魔物襲来編⑪ はじめての称号
ゲスリーから不穏な空気を感じて、息をとめる。
もし、あの口が動いて、呪文を唱えようとした時は……。
嫌な沈黙に包まれる。
どのくらいの時間そうやっていたのかわからないけれど、しばらくしたらゲスリーの顔が突然和らいだ。そして「初めてだよ」と言って、また胡散臭い微笑みを顔に貼り付ける。

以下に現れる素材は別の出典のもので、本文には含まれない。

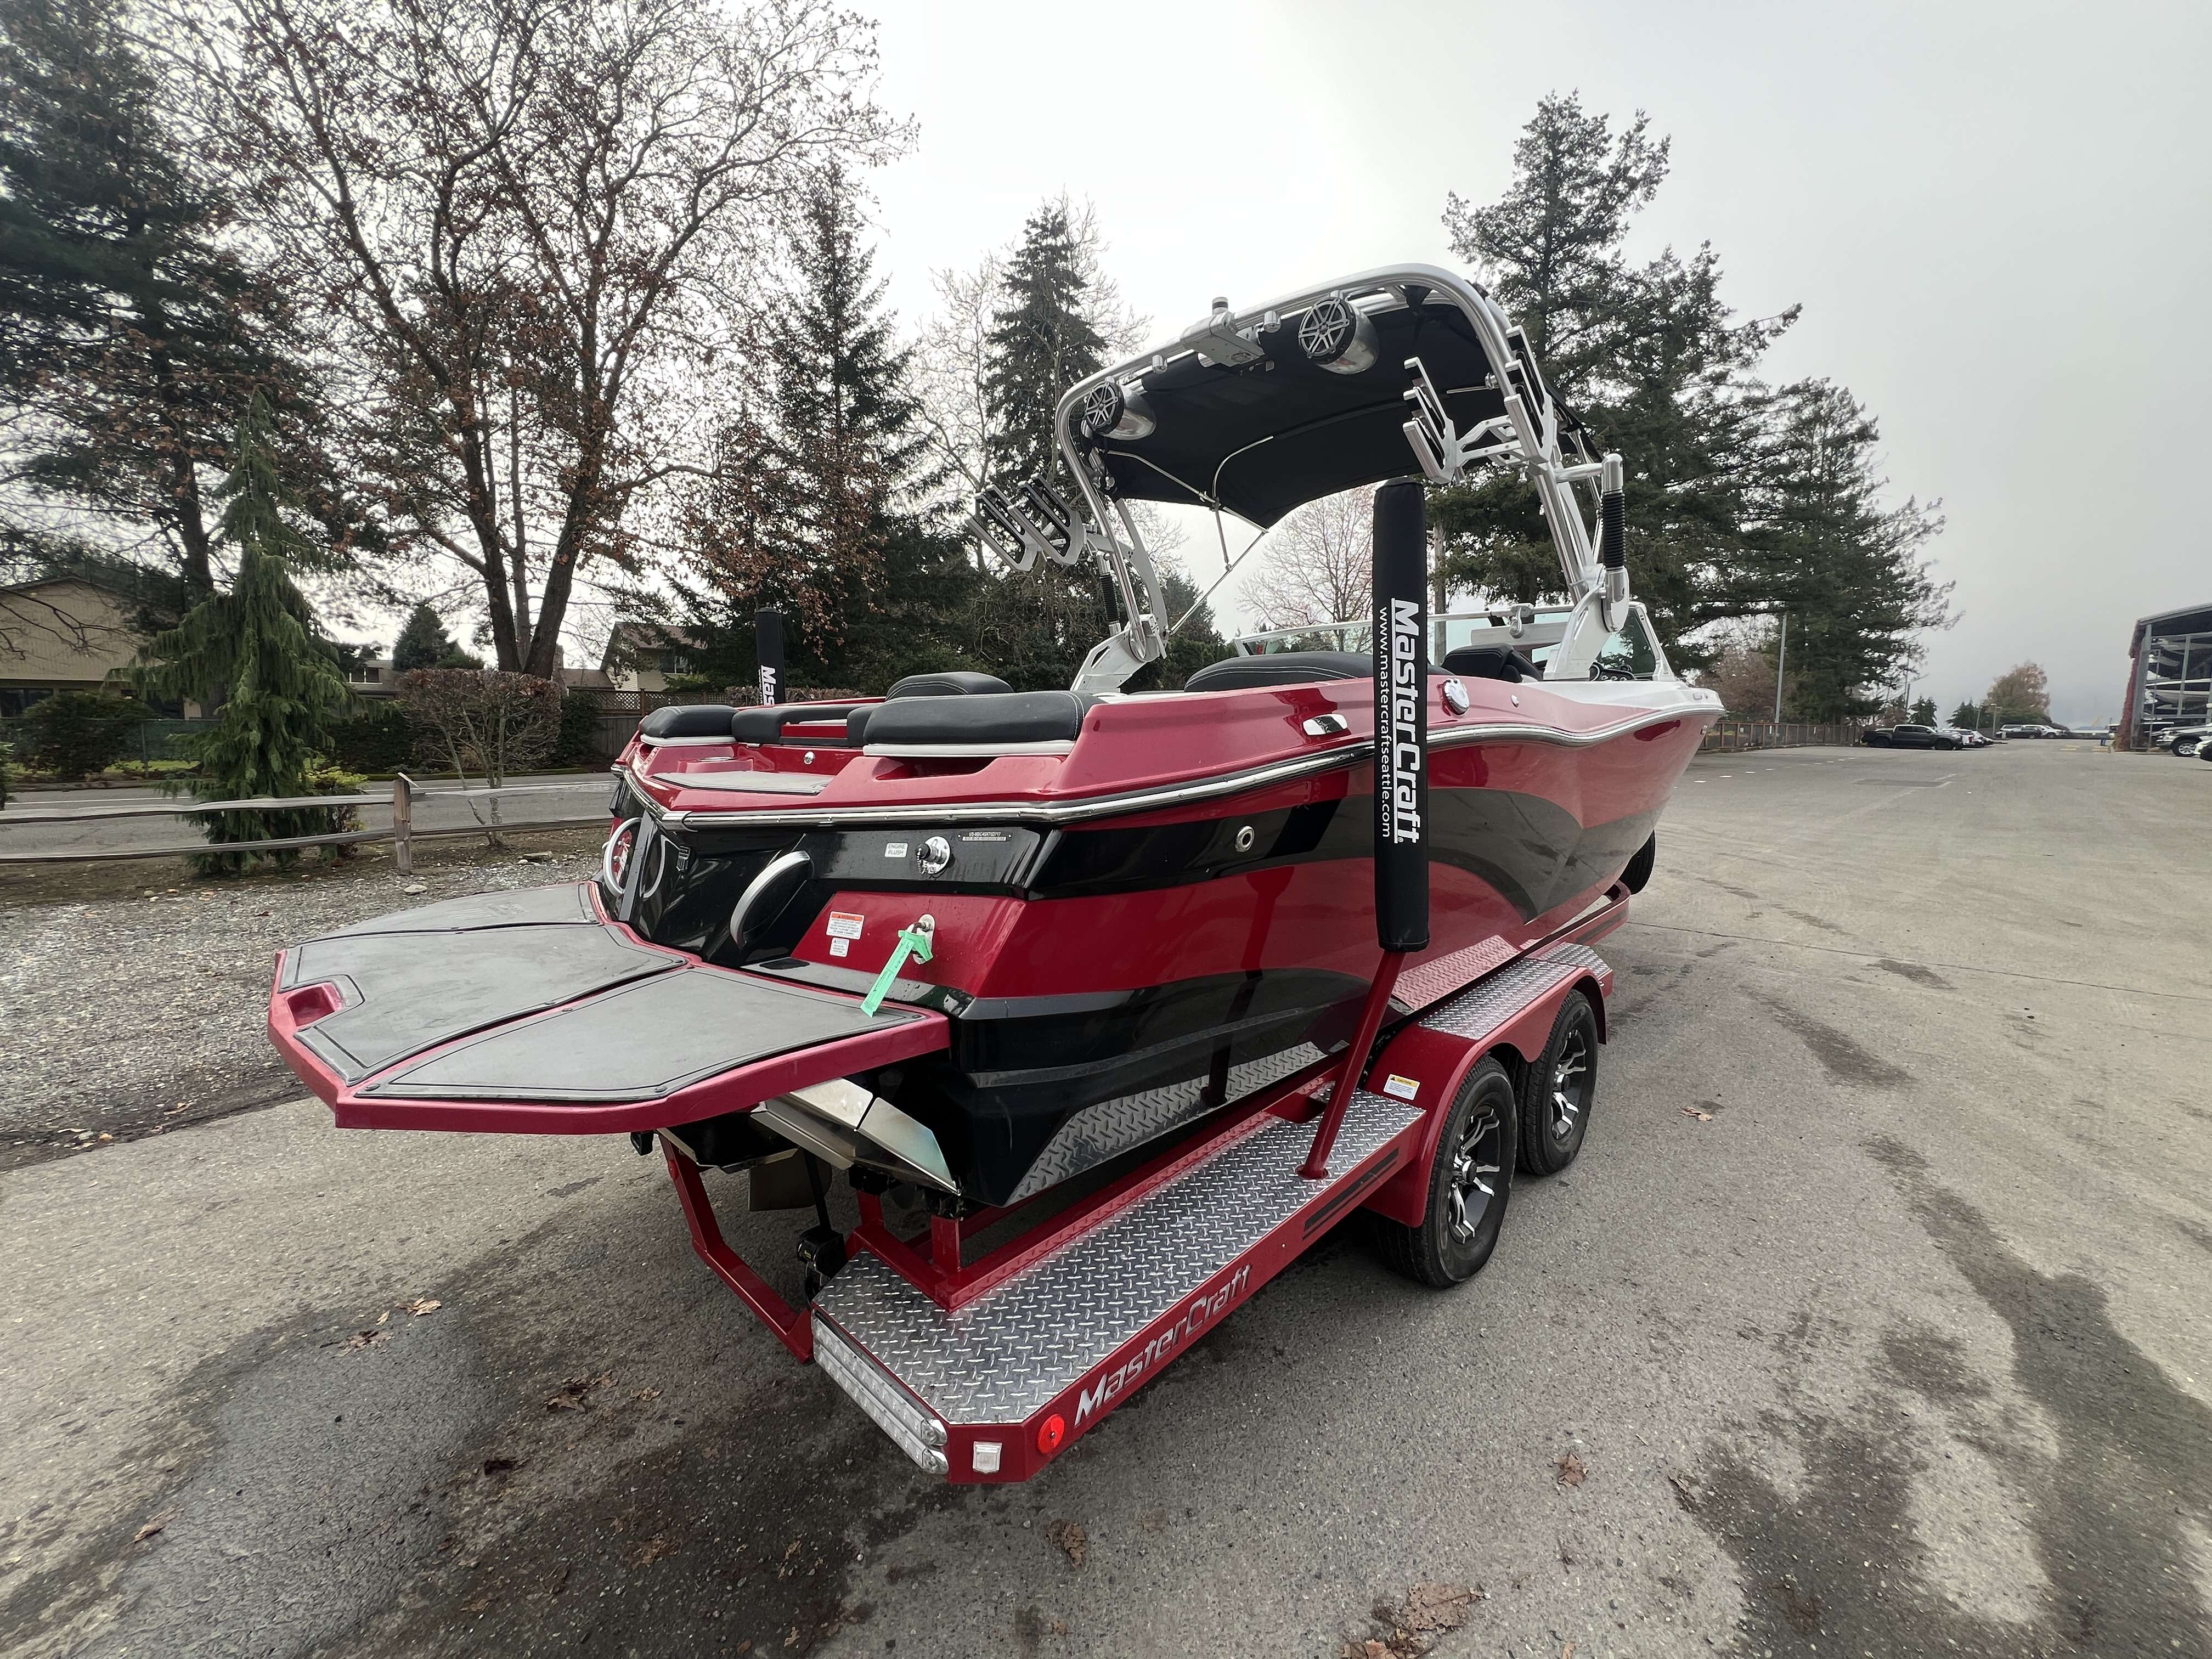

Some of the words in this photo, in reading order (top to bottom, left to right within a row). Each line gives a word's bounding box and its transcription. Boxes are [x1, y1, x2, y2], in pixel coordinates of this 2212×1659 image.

[1380, 606, 1392, 837] www.mastercraftseattle.com
[1395, 600, 1420, 843] MasterCraft
[1074, 1263, 1252, 1427] MasterCraft

不穏な空気が薄れていく感覚がして、私はゆっくり息を吐く。慌てちゃいけないと思った。ここで目をそらしたら、なんかヤバイような気もした。
そしてまた彼は口を開いた。
「君を消したほうがいいという考えと、君を消したら楽しみがなくなるという二つの考えが私の中にある。どうしたものか。私は、今までどちらか決め兼ねたり、悩んだりしたことがなかったんだが……私を悩ませることができたのは君が初めてだ」
彼の胡散臭い笑みと一緒に、最高にいらない初めての称号をいただいた。
私は頭の中で、頂いた初めての称号をぐしゃぐしゃに丸めて、思いっきりゴミ箱に叩き込む妄想をしてなんとか平常心を取り戻す。
だめよ、取り乱してはだめ。
「ああ、そんな怖い顔をしないでよ。可愛い顔が台無しだ。いや、まあ、怯えさせてしまったのは私のせいか。大丈夫、何もしないよ」
そう言って、ハンズアップして、何もする気がないよっていう動作をするけれども、油断はできない。
だって、彼はゲスリーだ。
「あんなことを言っておいて、何もしないなんて、信じられませんけど」
「大丈夫、とりあえず今は何もしない。君は、私の可愛い家畜たちにとってはただの害獣かもしれないが、同時に私にとって何か刺激的なことを起こしてくれる可能性を持つとても楽しい家畜でもある。まだ自由に動いている気になっている君を私はまだ見てみたい」
そういって彼は、いつもよりも、自然にゲスに見える優しげな微笑みを顔に貼り付ける。
不穏な空気もなくなって、彼はまたゆっくりと紅茶を飲んで、くつろぎはじめた。なんだかさっきまでと別人みたいだ。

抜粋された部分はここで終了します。